Narrowing the “fair use” defense to copyright infringement may become critical to protecting artists’ livelihoods as bots scrape their creative works
Historically, a finding of “transformative” use has been the single most critical factor in seeking to excuse infringement by characterizing it as fair use.
Generative AI is able to create novel, if not entirely new, works only by first training on massive amounts of internet data, much of which is copyrighted. Instructional prompts then elicit artificial creations. This article is copyrighted, yet inevitably will be scraped by an AI to spit out future works. The amount of my contribution to those AI-generated works most likely would be small, by volume at least. AI company lawyers would argue that the software “transformed” it (together with the copyrighted works of countless others), and that typically would end the fair use analysis.

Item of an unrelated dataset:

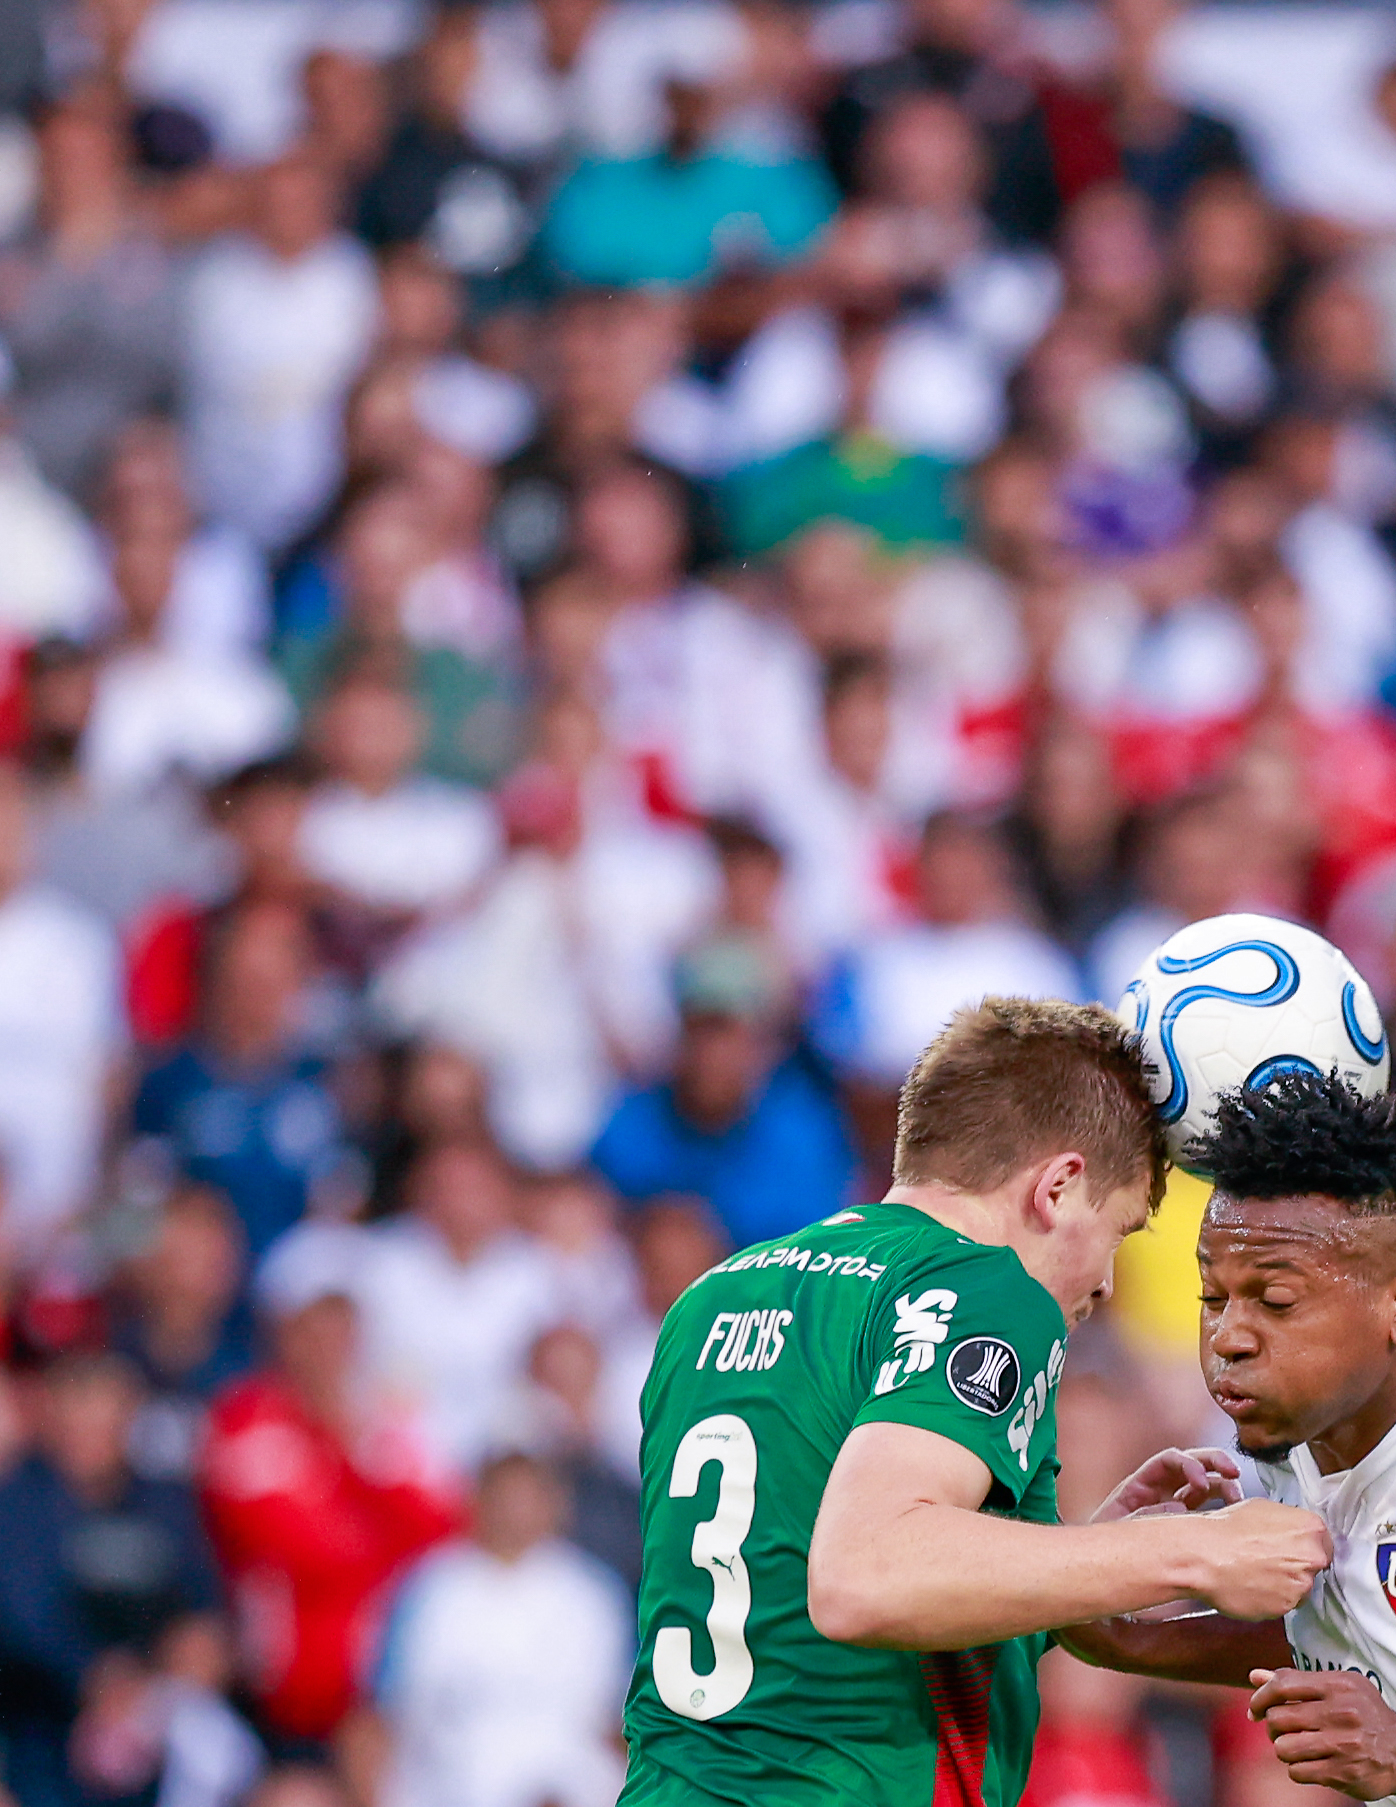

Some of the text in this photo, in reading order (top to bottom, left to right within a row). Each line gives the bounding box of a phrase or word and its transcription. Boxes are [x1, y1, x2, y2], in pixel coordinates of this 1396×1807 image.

[712, 1247, 887, 1281] LEAPMOTOR
[695, 1308, 794, 1373] FUCHS
[652, 1413, 758, 1722] 3

But the Supreme Court’s Warhol ruling upends that state of affairs, with potentially far-reaching ramifications in the world of AI and the creative arts. Imagine cases where the AI outputs are not so separated from the data inputs as they are in my example above. Case in point Getty Images, which is currently litigating a major case against AI visual art generator Stability AI. Getty argues that Stability AI illegally trains its AI on Getty’s copyrighted photographs to directly compete with Getty and steal licensing opportunities that otherwise would have come its way.
Even more directly, AI that generates visual works “in the style of” specific artists certainly competes with them in some manner, even if those AI generated works are “transformative.”
In the Warhol case, everyone, including Justice Sonia Sotomayor writing for the majority, conceded that Warhol’s reimagination of the Prince photograph in his inimitable style was “transformative.” But that wasn’t enough to find fair use, even though the court noted that Warhol’s transformation changed the photograph’s overall meaning and impact, usually decisive factors.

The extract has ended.